Ellis involved himself in African-American politics, particularly in Texas. During the 1880s and early 1890s, he allied himself with Norris Wright Cuney, Texas national committeeman of the Republican Party from 1886 to 1896 and an outspoken proponent of colonizing African Americans outside of the United States. Ellis also befriended Bishop Henry Turner, the chief proponent of the back-to-Africa movement in the post-Reconstruction era. These associations helped Ellis formulate his own ideas about African-American colonization. He advocated the idea that Latin America presented the ideal home for African Americans, because Mexico was much closer than Africa, and the Mexican north was similar to the southern United States in that both regions produced corn and cotton for international markets.

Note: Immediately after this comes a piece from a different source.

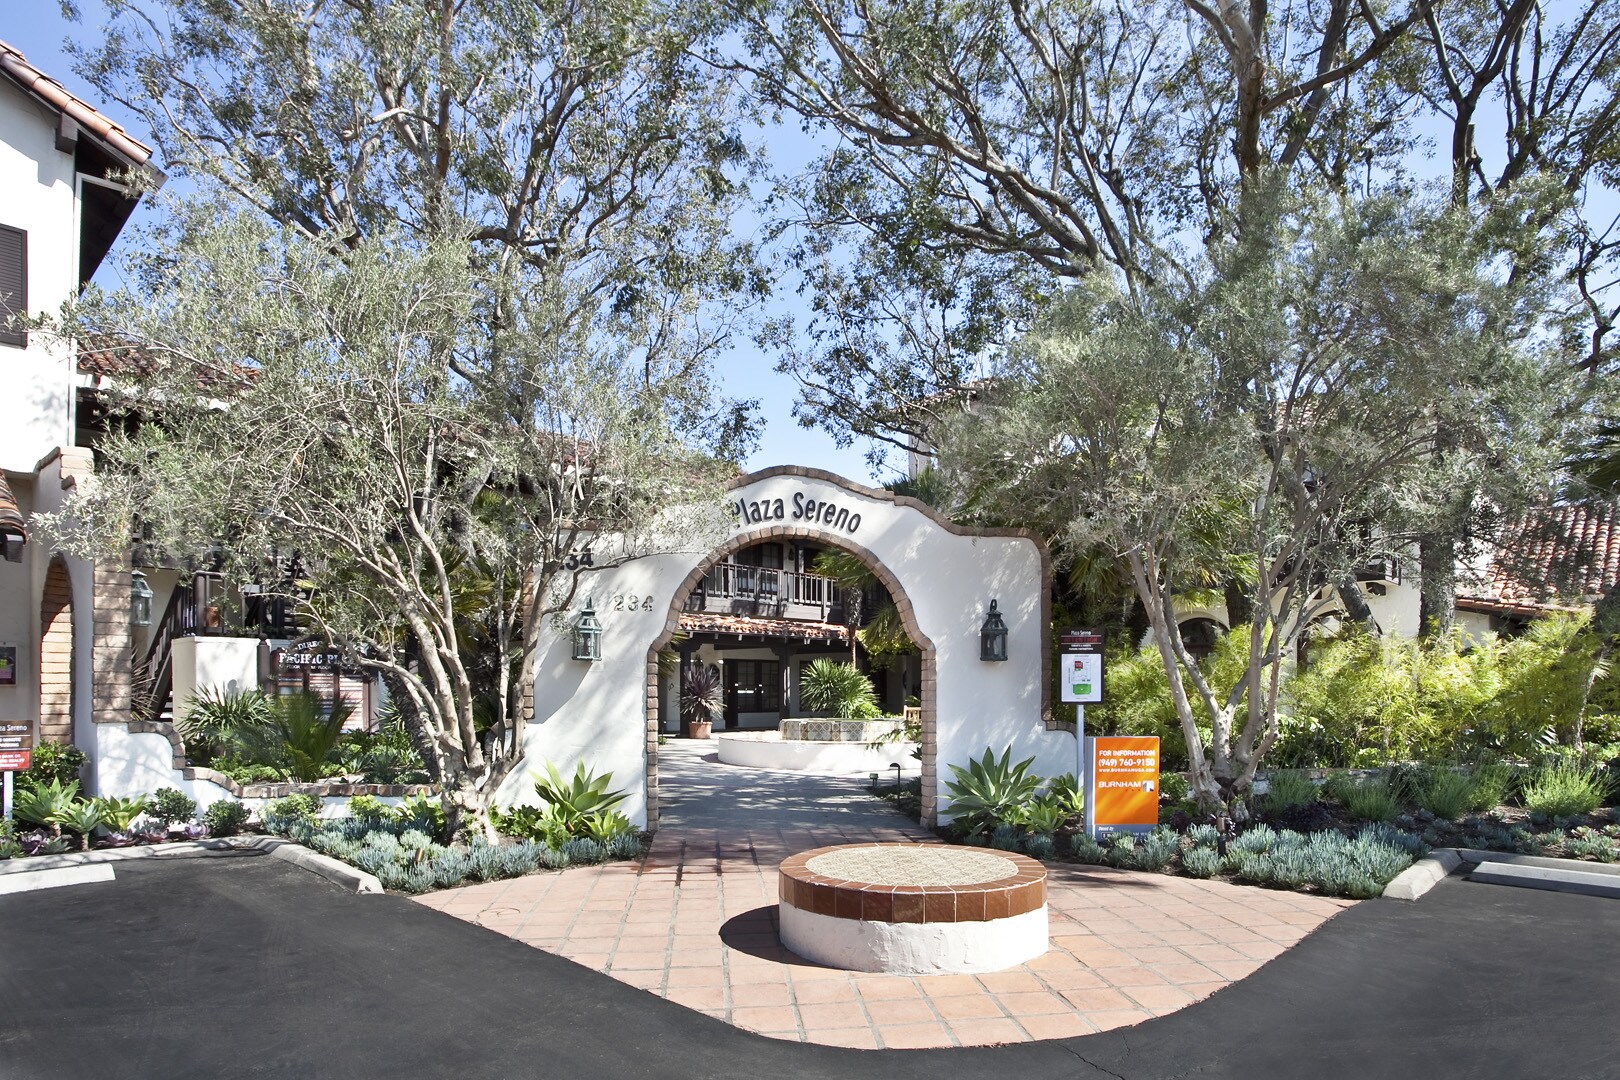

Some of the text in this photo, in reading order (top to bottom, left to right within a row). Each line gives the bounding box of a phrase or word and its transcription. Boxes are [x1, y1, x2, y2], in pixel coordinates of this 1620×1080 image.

In 1888 Ellis visited Mexico City and persuaded President Porfirio Díaz to grant him a permit to establish a colony of thousands of African Americans in Mexico. The plan stalled however. Ellis visited the head of the Tlahualilo Corporation, Juan Llamedo, in Mexico City with a proposal in 1894. He sought funding for the colony and in return promised the delivery of some 5,000 black field hands to work the land. Llamedo and Ellis signed an agreement for Ellis to bring the workers, and in late 1894 he returned to the United States to recruit potential colonists. He signed a contract with a well-known black Atlanta emigration agent, R. A. “Pegleg” Williams, to assist him in his endeavors. Ellis and Williams transported the first and only consignments of 816 Alabama emigrants, including 145 families, to Mexico, and they arrived at Tlahualilo in early February 1895.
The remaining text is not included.